IE 11 is not supported. For an optimal experience visit our site on another browser.

Scientists make a new type of stem cell, using a little acid

Japanese researchers say theyÕve created a new type of stem cell just by pressuring normal cells in the body, a finding that suggests we may all have...
Japanese researchers have created a new type of stem cell just by pressuring normal cells in the body. This image shows a mouse embryo created using these cells, which are genetically engineered to glow green.Haruko Obokata / Nature

Scientists have made a whole new type of stem cell using little more than a little acid, and they say it may represent a way to skip all the complex and controversial steps that it now takes to make cells to regenerate tissues and organs.

The team in Japan includes some of the foremost experts in making what are called pluripotent stem cells — master cells that have the power to morph into any type of cells, from blood to bone to muscle. These master cells look and act like an embryo right after conception and, like a days-old embryo, have the power to generate new tissue of any type.

Making these powerful cells usually requires the use of embryos — something many disapprove of — or tricky mixtures of genes to turn back the clock.

While there’s not an immediate use for the discovery, it could add to the arsenal of tools that scientists can use in trying to find ways to repair the human body, the team reports in this week’s issue of the journal Nature.

“It is also exciting to think about the new possibilities this finding offers, not only in areas like regenerative medicine but also perhaps in the study of senescence and cancer as well,” Haruko Obokata of the RIKEN Center for Developmental Biology in Kobe, Japan, told reporters in a conference call.

Obokata’s team worked with mice, and found they could get ordinary cells from baby mice to turn into pluripotent stem cells by bathing them in a slightly acidic solution. They call them stimulus-triggered acquisition of pluripotency, or STAP, cells.

Other stem cells experts praised the work. “These breakthroughs are so impressive and potentially powerful — truly another dramatic game-changer,” said Dr. Gerald Schatten, a stem cell and genetic engineering expert at the University of Pittsburgh.

“If reproducible in humans, this will be a paradigm changer," said Dr. Robert Lanza of Massachusetts-based Advanced Cell Technology, a company developing stem cell-based treatments

“It also tells us that normal body cells have an amazing latent capacity, and raises the question ‘what else can our body's cells do under stress?’ That being said, there are a lot of things that work in mice that don't work in humans.”

Stem cells are the body’s master cells, and they’re found all through the body. But usually, they’re differentiated — on a clear road to become blood, or muscle, or nerve, with no turning back. These so-called adult stem cells are most commonly used to replace bone marrow in treating cancer.

What scientists want to do is start with a blank slate, taking cells from a patient that matches his or her DNA perfectly, and growing fresh bone marrow transplants, skin grafts or organs that could treat people without the fear of rejection.

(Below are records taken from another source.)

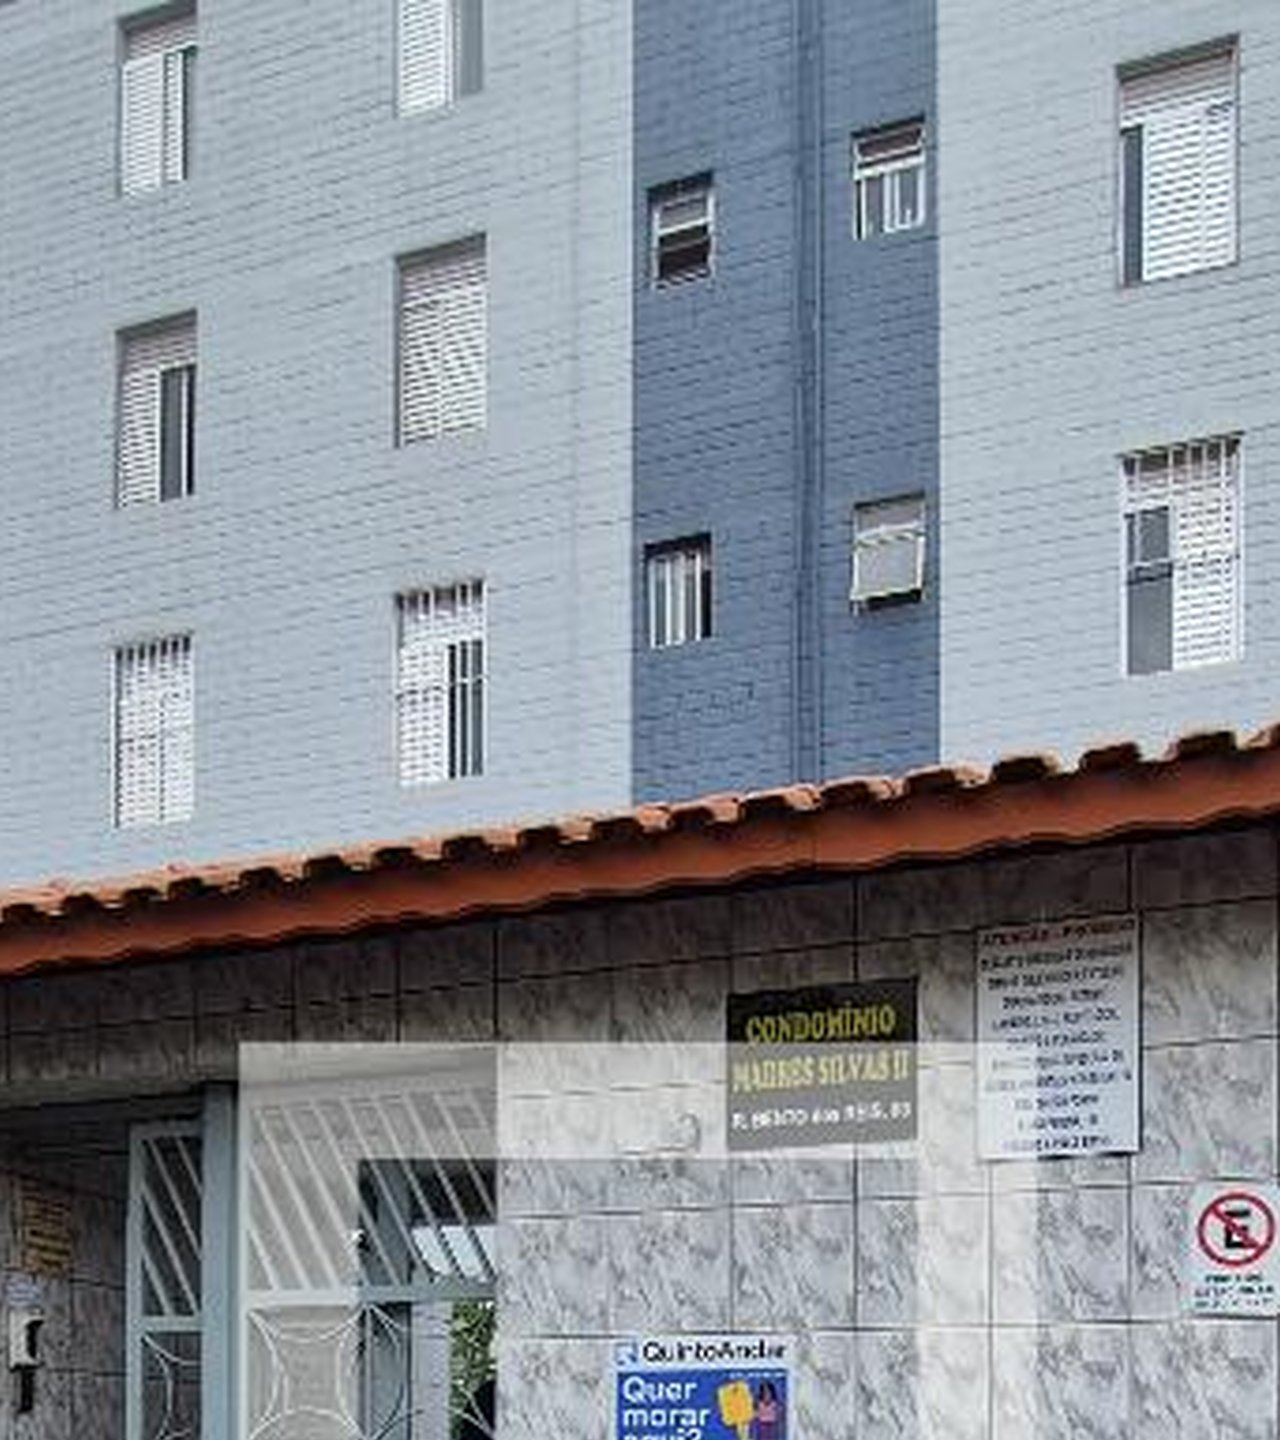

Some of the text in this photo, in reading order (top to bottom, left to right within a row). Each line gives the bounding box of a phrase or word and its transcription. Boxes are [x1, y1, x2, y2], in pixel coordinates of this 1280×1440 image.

[746, 1003, 896, 1042] CONDOMÍNIO
[818, 1051, 889, 1085] SILVAS
[1225, 1209, 1258, 1249] E
[642, 1339, 786, 1362] QuintoAndar
[623, 1376, 697, 1403] Quer
[623, 1408, 711, 1427] morar

One way to do this is to do what’s called therapeutic cloning — using someone’s cells to make a very early embryo and then harvesting those cells. But it’s almost impossible to do in people and extremely controversial because many people consider the process tantamount to creating a human life and then destroying it.

Scientists found another way to make similar cells called induced pluripotent stem cells (iPS cells) from ordinary pieces of human skin by injecting the genes that make a cell behave like an embryonic stem cell. But this process also isn’t straightforward or trouble-free.

Obokata and colleagues tried something far simpler and less complicated. They tried stressing cells to see what might happen. The idea comes from nature — crocodile eggs develop into either males or females based on temperature, for instance.

Less than half an hour in a slightly acidic solution turned mouse blood cells back into a stem-cell-like state. They injected these new cells into growing mouse embryos and the news cells mixed all through the growing fetal mouse, creating what’s called a chimera, an animal that’s a mix of two different animals.

“The ability to produce chimeras is a property that was previously thought to be exclusive to embryonic stem cells and iPS cells,” stem cell expert Austin Smith of Britain’s Cambridge University wrote in a commentary in Nature.

As with any pluripotent stem cell type, there’s a big danger — that the cells could turn into tumors, notes stem cell expert Dr. John Gearhart of the University of Pennsylvania. And the team will have to show this works on human cells.

And Schatten points out that cells behave differently in lab dishes than they do in the body. Something prevents people from regenerating a lost arm, for instance.

Another caveat: If this works as well in humans as it does in mice, it could offer another route to cloning human beings, Lanza noted. “This research could have serious ethical ramifications,” he said.